Chart showing progressive revelation from God through His Messengers

In conclusion, the arguments raised by Stephen Fry are primarily based on emotion rather than logic or reason. There are no valid scientific or logical arguments against the existence of God (though rational arguments can be made for the existence of a Primal Will, which brought all of creation into being). All that atheists can argue is that the God taught in mainstream religions is not just or good and, therefore, cannot exist. This argument is not valid because their argument is based entirely on the existence of suffering, which is beneficial to our spiritual and moral development. God is like a supreme and perfect Physician, who is All-knowing and All-wise, who understands our needs and our wants. He diagnoses the malady and provides the divine remedy, which is revealed religion.
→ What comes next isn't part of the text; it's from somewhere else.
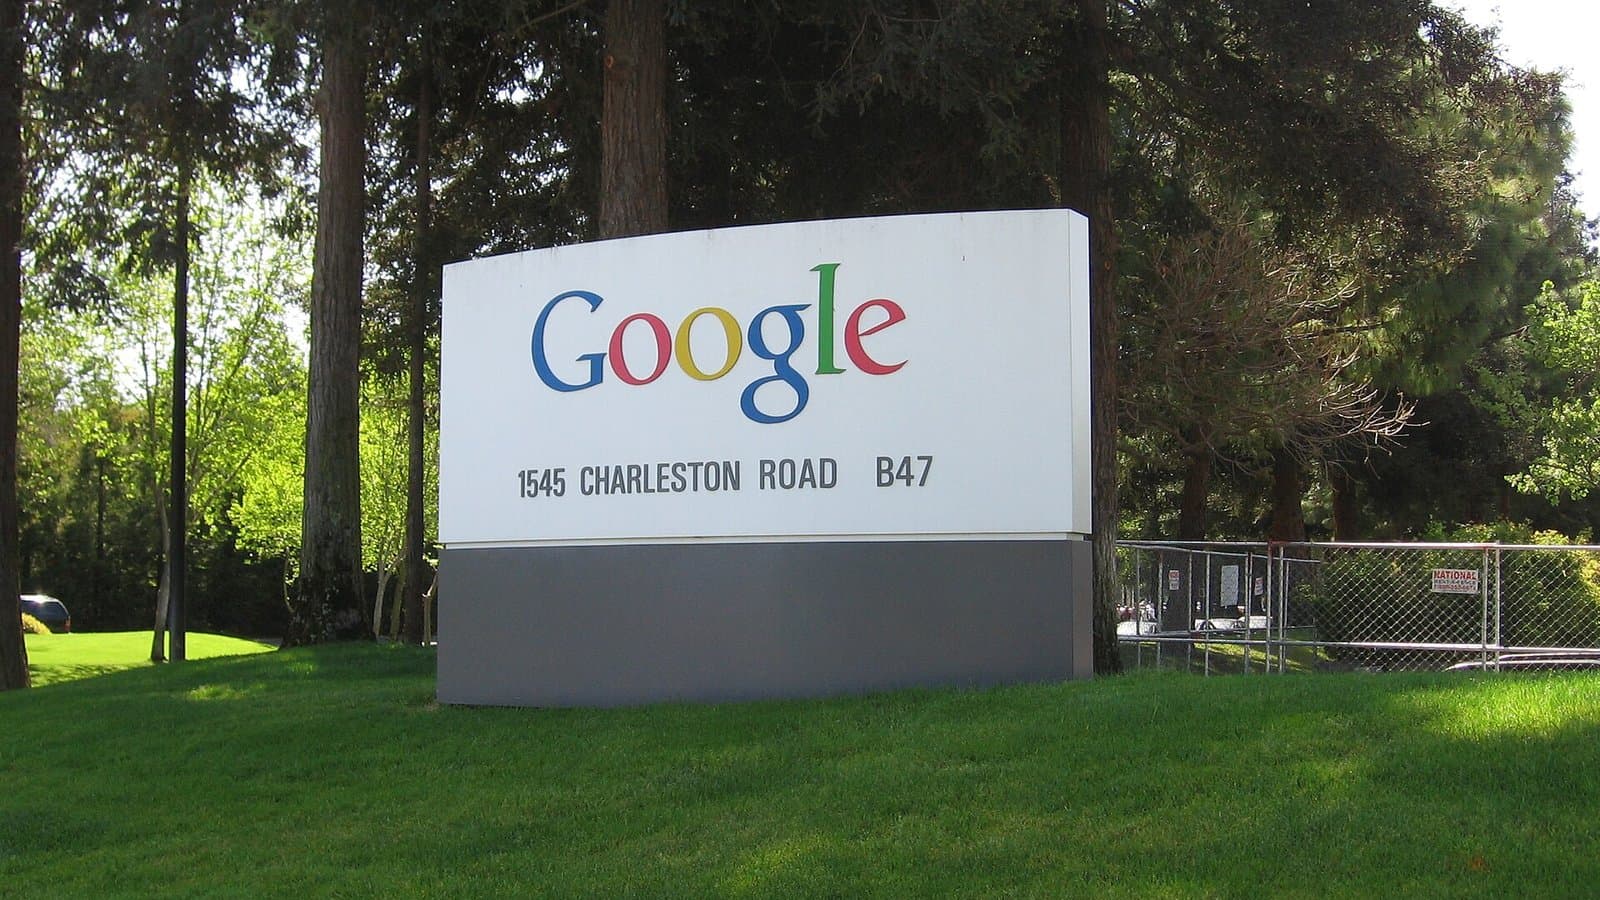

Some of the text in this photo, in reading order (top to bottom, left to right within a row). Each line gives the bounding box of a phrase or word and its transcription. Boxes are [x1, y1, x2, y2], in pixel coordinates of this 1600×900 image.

[531, 263, 908, 424] Google
[518, 455, 934, 498] 1545 CHARLESTON ROAD B47
[1434, 571, 1477, 580] NATIONAL
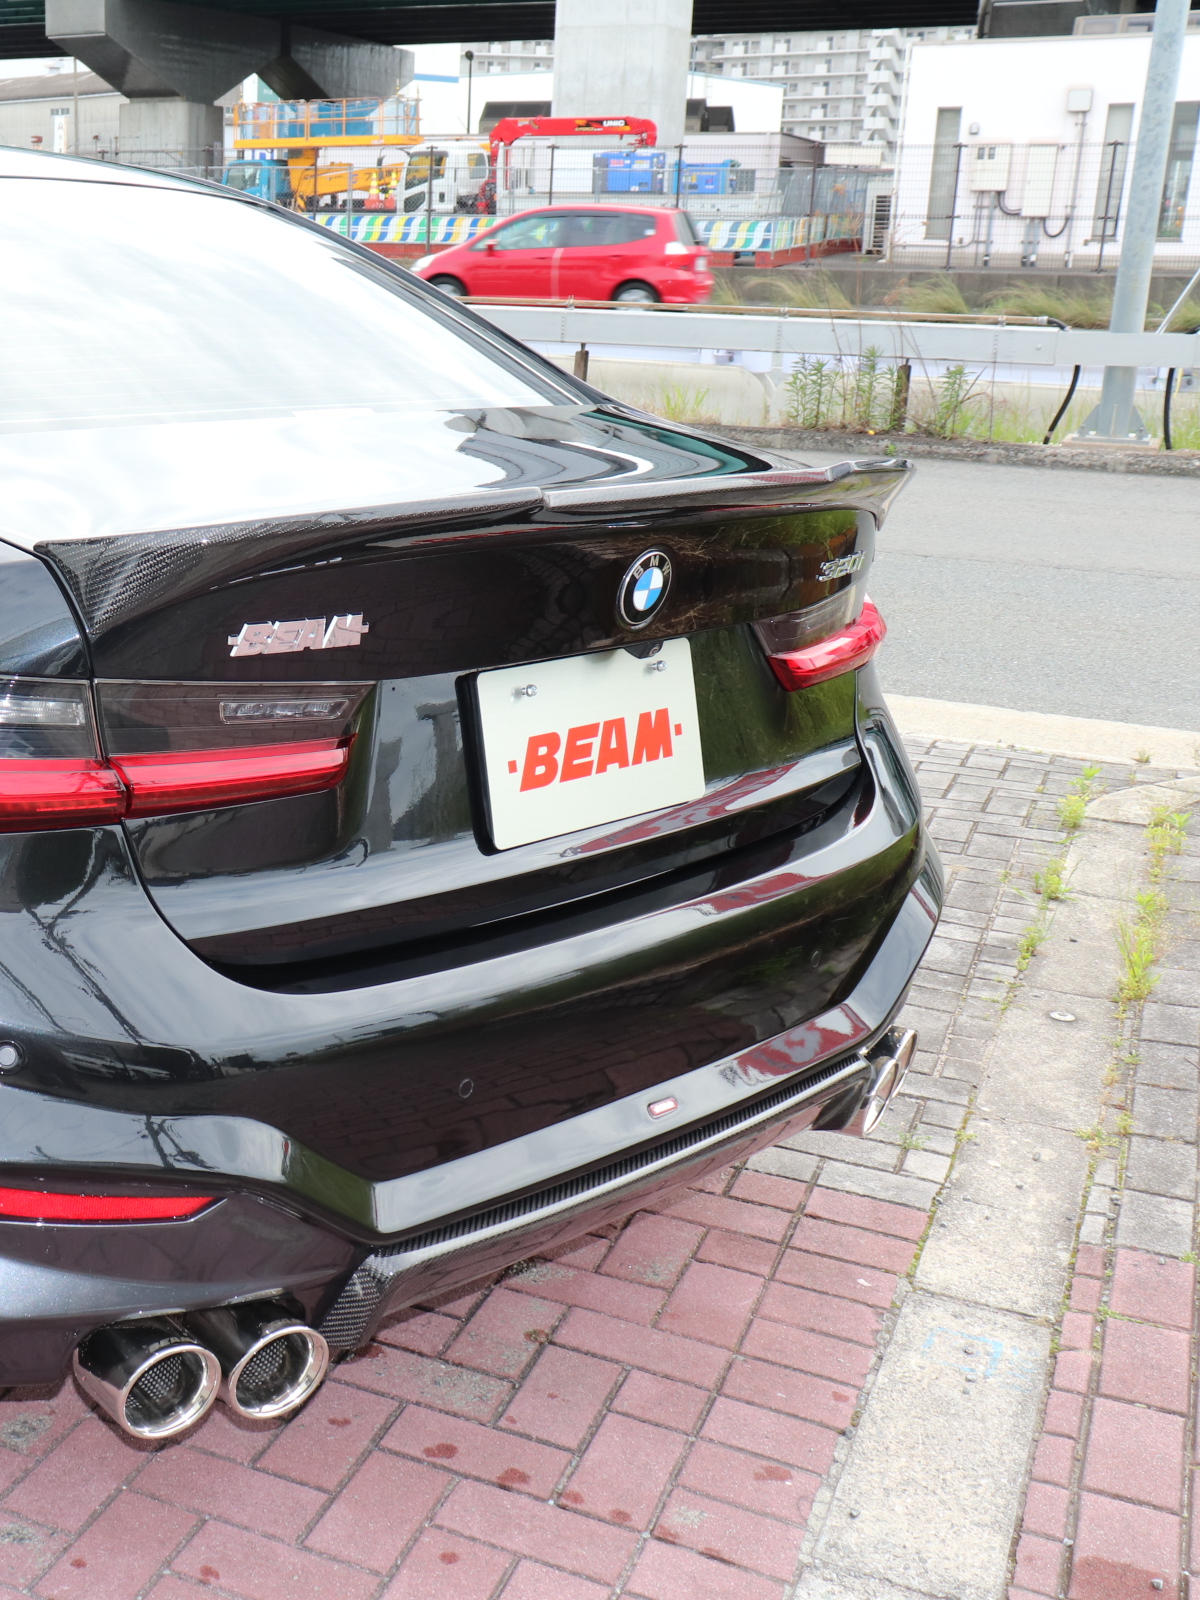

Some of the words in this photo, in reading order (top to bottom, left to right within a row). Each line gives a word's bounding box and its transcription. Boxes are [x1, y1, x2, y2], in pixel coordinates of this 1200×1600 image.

This religion is taught to mankind through a Divine Messenger, a Perfect Human Being, who helps mankind to develop from one stage of civilization to the next (e.g. Abraham, Krishna, Moses, Zoroaster, Buddha, Jesus Christ, Muhammad, etc.). The moral code which each Messenger teaches is the same while the social laws differ depending on the circumstances of the time in which they were revealed. To be truly moral is to follow the moral code of true religion and recognise the divine source of that spiritual medicine. God loves us and, because of His love, He created us. He is like a parent who does not always give us what we want, but always gives us what we need. To truly fulfill our purpose in life, we must love Him and follow His teachings, just as a mirror turns to the sun or a plant to the light. Without the light of the sun, we can never grow and develop. If we succeed in developing the virtues and spiritual qualities we need on earth, we enter Paradise in the afterlife while, if we fail to develop these qualities, we enter what religions refer to as Hell, or remoteness from God. I hope this has been a helpful rebuttal, and I truly hope that atheists will open their hearts and discover the true essence of religion.

I will end with these words of Bahá’u’lláh:

“Only when the lamp of search, of earnest striving, of longing desire, of passionate devotion, of fervid love, of rapture, and ecstasy, is kindled within the seeker’s heart, and the breeze of His loving-kindness is wafted upon his soul, will the darkness of error be dispelled, the mists of doubts and misgivings be dissipated, and the lights of knowledge and certitude envelop his being. At that hour will the Mystic Herald, bearing the joyful tidings of the Spirit, shine forth from the City of God resplendent as the morn, and, through the trumpet-blast of knowledge, will awaken the heart, the soul, and the spirit from the slumber of heedlessness. Then will the manifold favors and outpouring grace of the holy and everlasting Spirit confer such new life upon the seeker that he will find himself endowed with a new eye, a new ear, a new heart, and a new mind. He will contemplate the manifest signs of the universe, and will penetrate the hidden mysteries of the soul. Gazing with the eye of God, he will perceive within every atom a door that leadeth him to the stations of absolute certitude. He will discover in all things the mysteries of Divine Revelation, and the evidences of an everlasting Manifestation.” – Bahá’u’lláh, Gleanings from the Writings of Bahá’u’lláh, CXXV.